Thoas came close to him, pulled the spear out of his chest, and then drawing his sword, smote him in the middle of the belly so that he died; but he did not strip him of his armor, for his Thracian comrades, men who wear their hair in a tuft at the top of their heads, stood round the body and kept him off with their long spears for all his great stature and valor, so he was driven back.
He rushed across the plain like a winter torrent that has burst its barrier in full flood; no dykes, no walls of fruitful vineyards can embank it when it is swollen with rain from heaven, but in a moment it comes tearing onward, and lays many a field waste that many a strong man's hand has reclaimed - even so were the dense phalanxes of the Trojans driven in rout by the son of Tydeus, and many though they were, they dared not abide his onslaught.
In my father's stables there are eleven excellent chariots, fresh from the builder, quite new, with cloths spread over them; and by each of them there stand a pair of horses, champing barley and rye; and my old father Lyacon urged me again and again when I was at home and on the point of starting, to take chariots and horses with me that I might lead the Trojans in battle, but I would not listen to him; it would have been much better if I had done so, but I was thinking about the horses, which had been used to eat their fill, and I was afraid that in such a great gathering of men they might be ill-fed, so I left them at home and came on foot to Ilius armed only with my bow and arrows.
Or as a savage lion attacking a herd of cows while they are feeding by thousands in the low-lying meadows by some wide-watered shore - the herdsman is at his wit's end how to protect his herd and keeps going about now in the van and now in the rear of his cattle, while the lion springs into the thick of them and fastens on a cow so that they all tremble for fear - even so where the Achæns utterly panic-stricken by Hector and father Jove.
Or, we can always go with the time-honored classic from "A Tale of Two Cities":
It was the best of times, it was the worst of times, it was the age of wisdom, it was the age of foolishness, it was the epoch of belief, it was the epoch of incredulity, it was the season of Light, it was the season of Darkness, it was the spring of hope, it was the winter of despair, we had everything before us, we had nothing before us, we were all going direct to Heaven, we were all going direct the other way— in short, the period was so far like the present period, that some of its noisiest authorities insisted on its being received, for good or for evil, in the superlative degree of comparison only.
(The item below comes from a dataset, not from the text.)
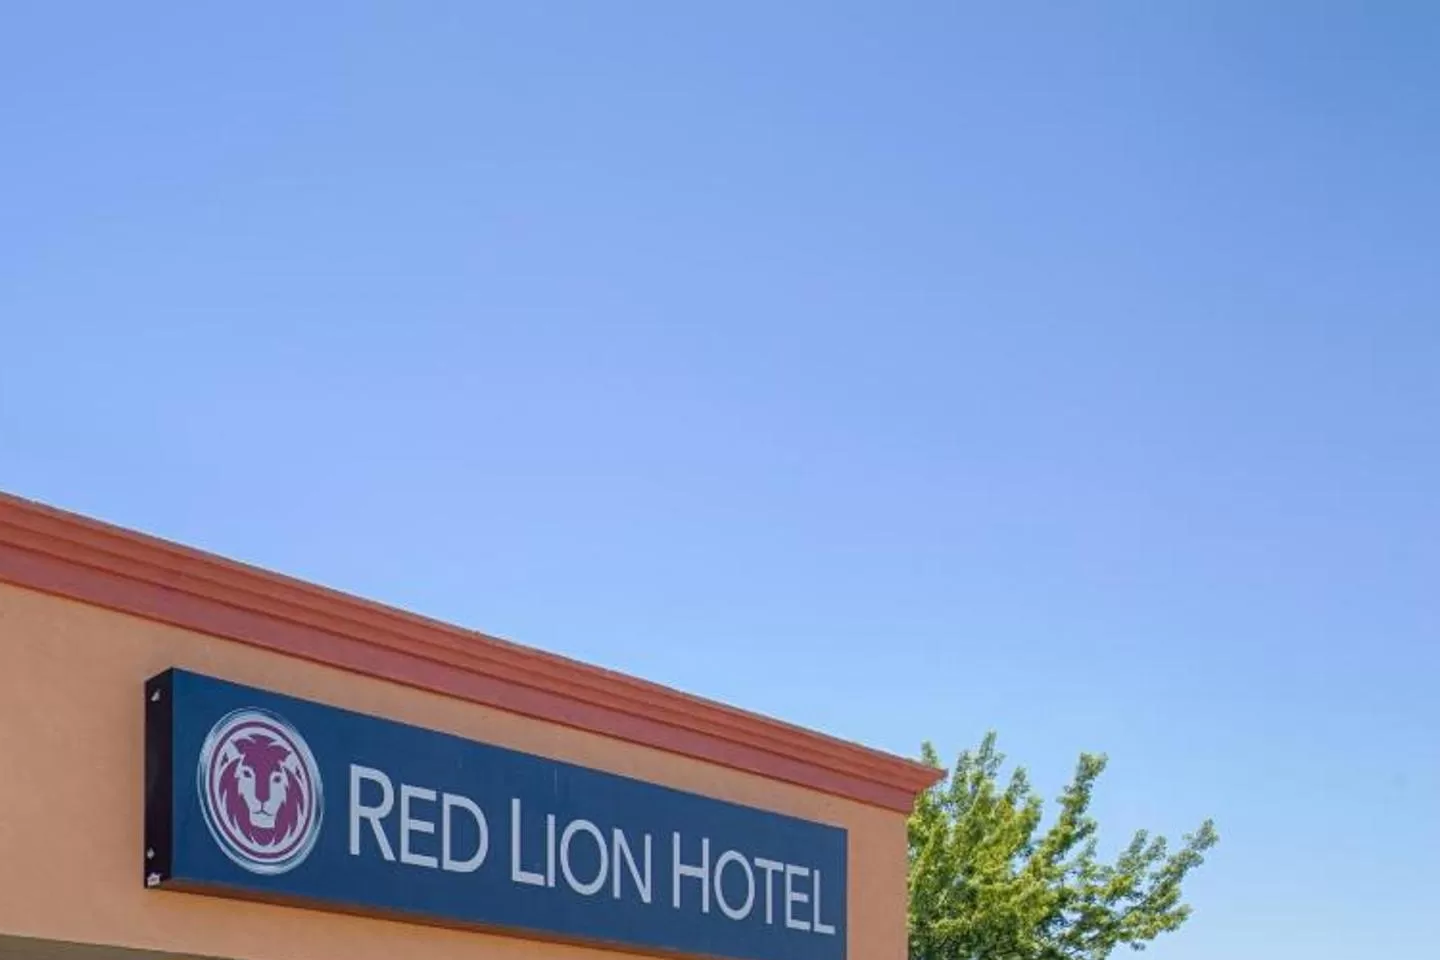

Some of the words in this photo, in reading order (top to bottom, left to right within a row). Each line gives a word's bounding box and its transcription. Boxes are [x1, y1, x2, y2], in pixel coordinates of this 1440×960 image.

[349, 763, 489, 873] RED
[512, 797, 652, 904] LION
[673, 831, 836, 935] HOTEL
Re: Worst Sentence You ever read

Posted: Wed Apr 29, 2009 4:44 pm
by Edminster
mountainmage wrote:I have a long-winded sentence to beat any other, and I'll post it when I go home on the weekend.
mountainmage on Wed Apr 29, 2009 2:06 am wrote:Alright, I'm home and I promised you long sentences.
I want to live in Florida, where the weekend starts in the middle of the week.

Re: Worst Sentence You ever read

Posted: Wed Apr 29, 2009 9:42 pm
by mountainmage
Obviously, I got home early. Harrumph.